As a result of the current financial crisis, many employers, including school districts, are closely examining their compensation packages offered to employees. Benefit costs have become an increasingly important component of teacher compensation in recent years so they are attracting their fair share of attention from researchers.
The most recent data from the U.S. Department of Education (2005–06 school year) indicates that total benefits added about 32 percent to salaries, which is an increase from 25 percent in 1999–2000. The increase not only reflects the rise in health insurance costs, but also includes the growing costs of retirement benefits.
The findings of a research study conducted by Robert Costrell, professor, University of Arkansas, and Michael Podgursky, professor, University of Missouri-Columbia, support conventional wisdom that holds that the cost of retirement benefits for teachers is higher than for private-sector professionals.
Costrell and Podgursky used data collected by the U.S. Department of Labor to track changes in retirement costs and compare employer contributions to retirement for public school teachers with those for private-sector professionals. The data revealed that the rate of employer contributions to retirement benefits for public school teachers in 2008 is substantially higher than for private professionals: 14.6 percent of earnings for teachers versus 10.4 percent for private professionals. Additionally, between March 2004 and September 2008, the gap widened. The difference more than doubled, rising from 1.9 to 4.2 percentage points.
Their analysis showed that the employer contribution rates for public school teachers are a larger percentage of earnings than for private-sector professionals and managers, regardless of whether teachers are in Social Security.
The study cites several reasons why employer contributions to retirement are higher for teachers. First, nearly all teachers are covered by traditional defined benefit (DB) pension plans, in which employees receive a regular retirement check based on a legislatively determined formula. The plans typically offer retirement at a young age and at a rate that replaces a substantial portion of final salary. This is evident when you compare the median retirement age for public school teachers, 58 years, to about 62 for the labor force as a whole.

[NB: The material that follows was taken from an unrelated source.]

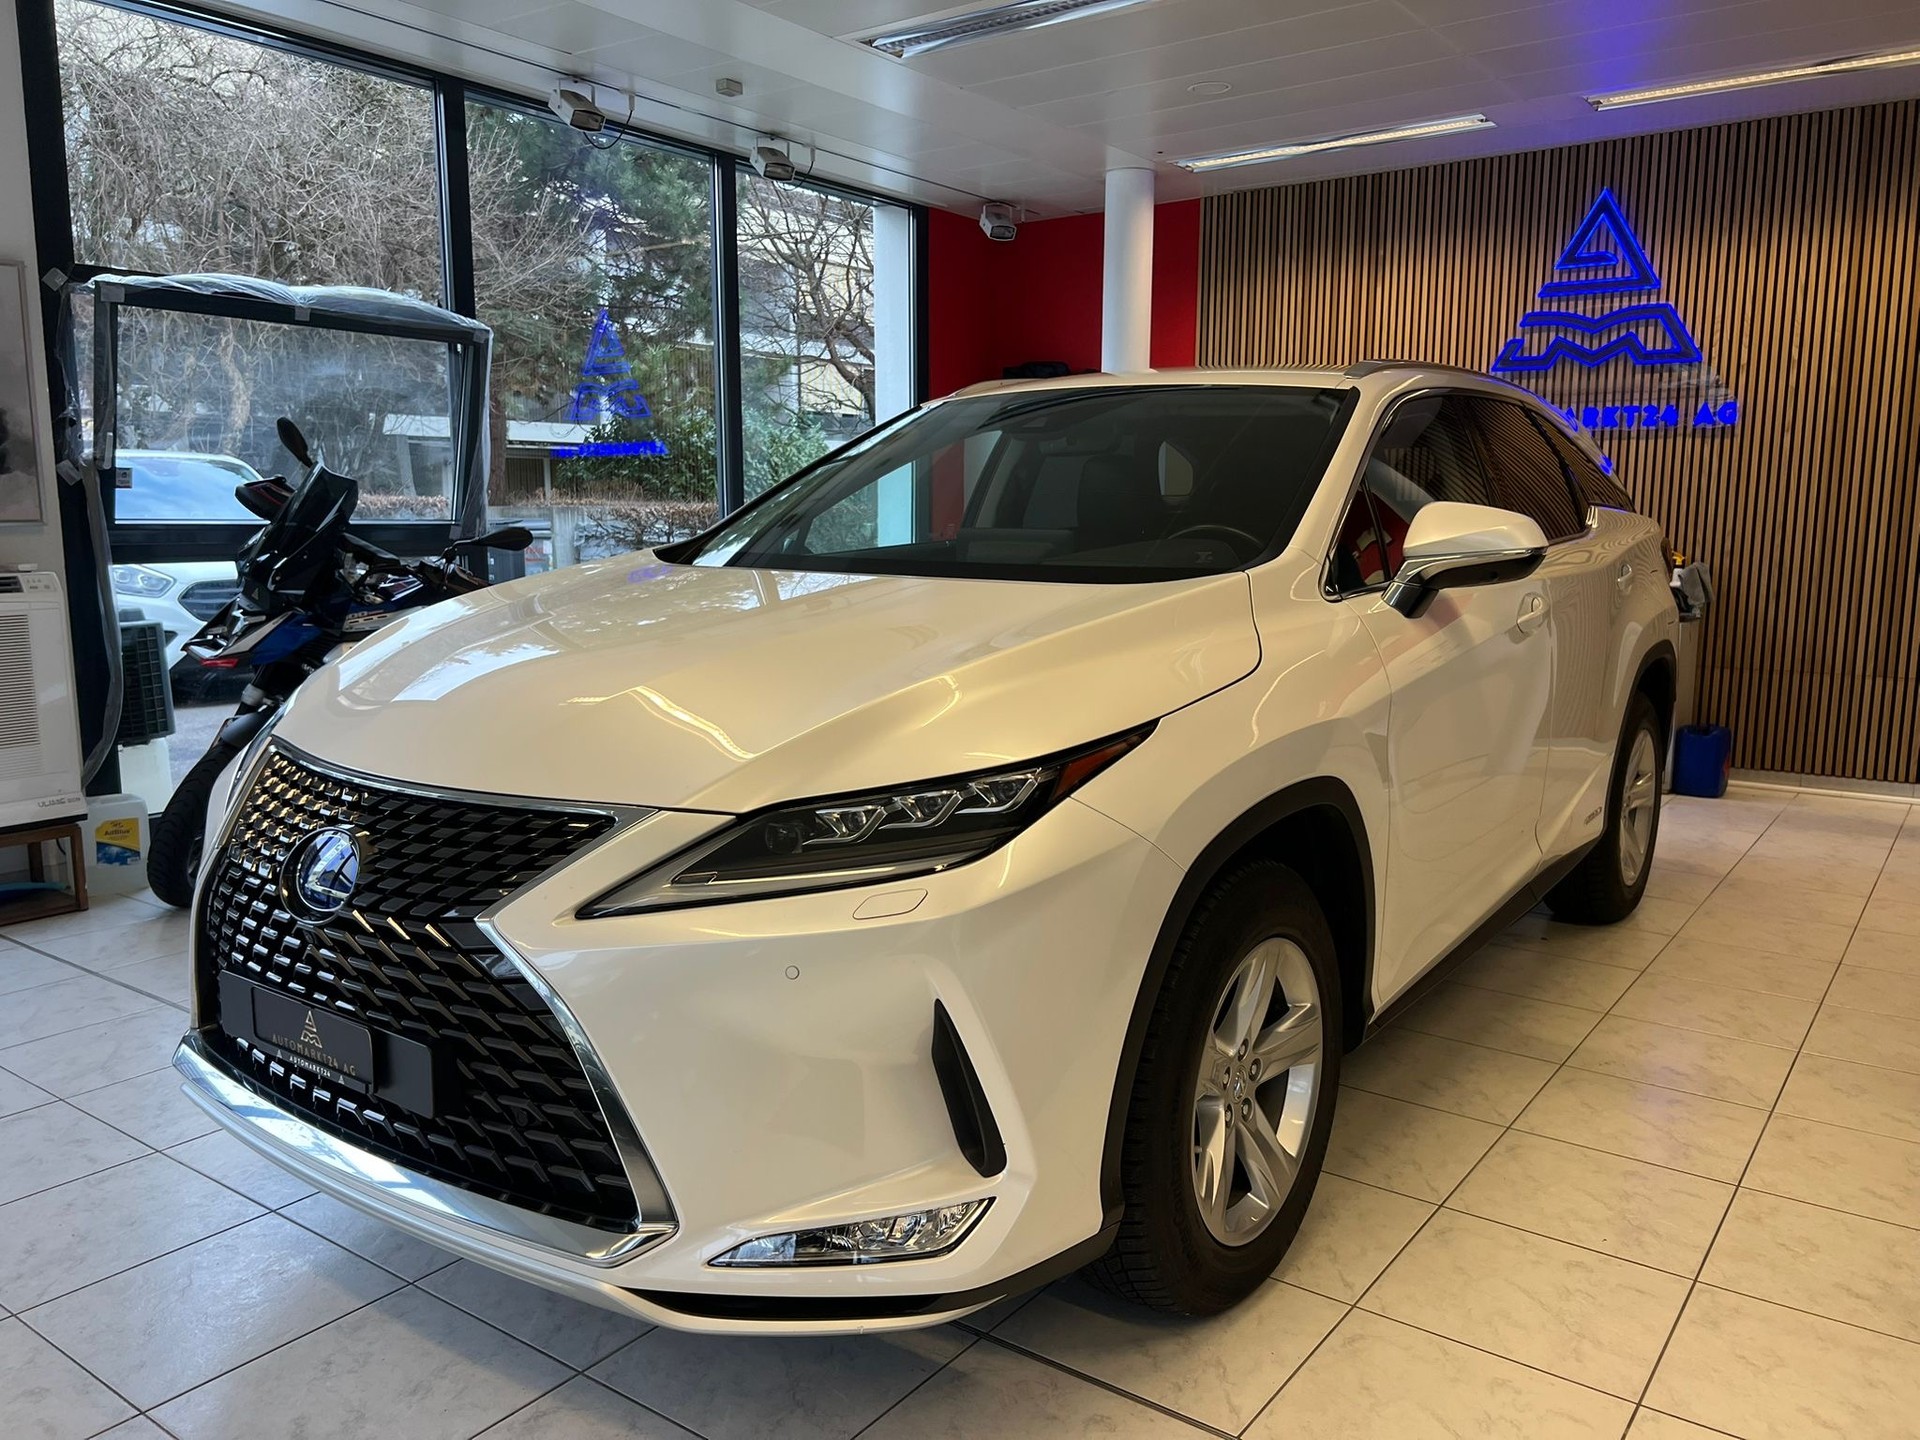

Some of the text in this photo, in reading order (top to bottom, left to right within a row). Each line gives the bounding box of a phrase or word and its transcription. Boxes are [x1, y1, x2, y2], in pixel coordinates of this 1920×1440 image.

[1693, 401, 1738, 427] AG
[272, 1034, 339, 1069] AUTOMARKT24
[289, 1056, 331, 1077] AUTOMARKT24

Also, nearly all teacher retirement plans have some sort of built in cost-of-living adjustment. There are few if any comparable retirement plans for professionals and lower-tier managers in the private sector.
What does the future hold for the cost of teacher retirement benefits? The researchers say no one knows for sure, but they identified two key factors that will drive these costs: future developments in the benefits themselves and in their funding.
In short, Costrell and Podgursky say, “There are good reasons to believe that the contribution gap we have documented will continue to widen in coming years.”
—“Teacher Retirement Benefits,” by Robert M. Costrell and Michael Podgursky, Education Next, Spring 2009.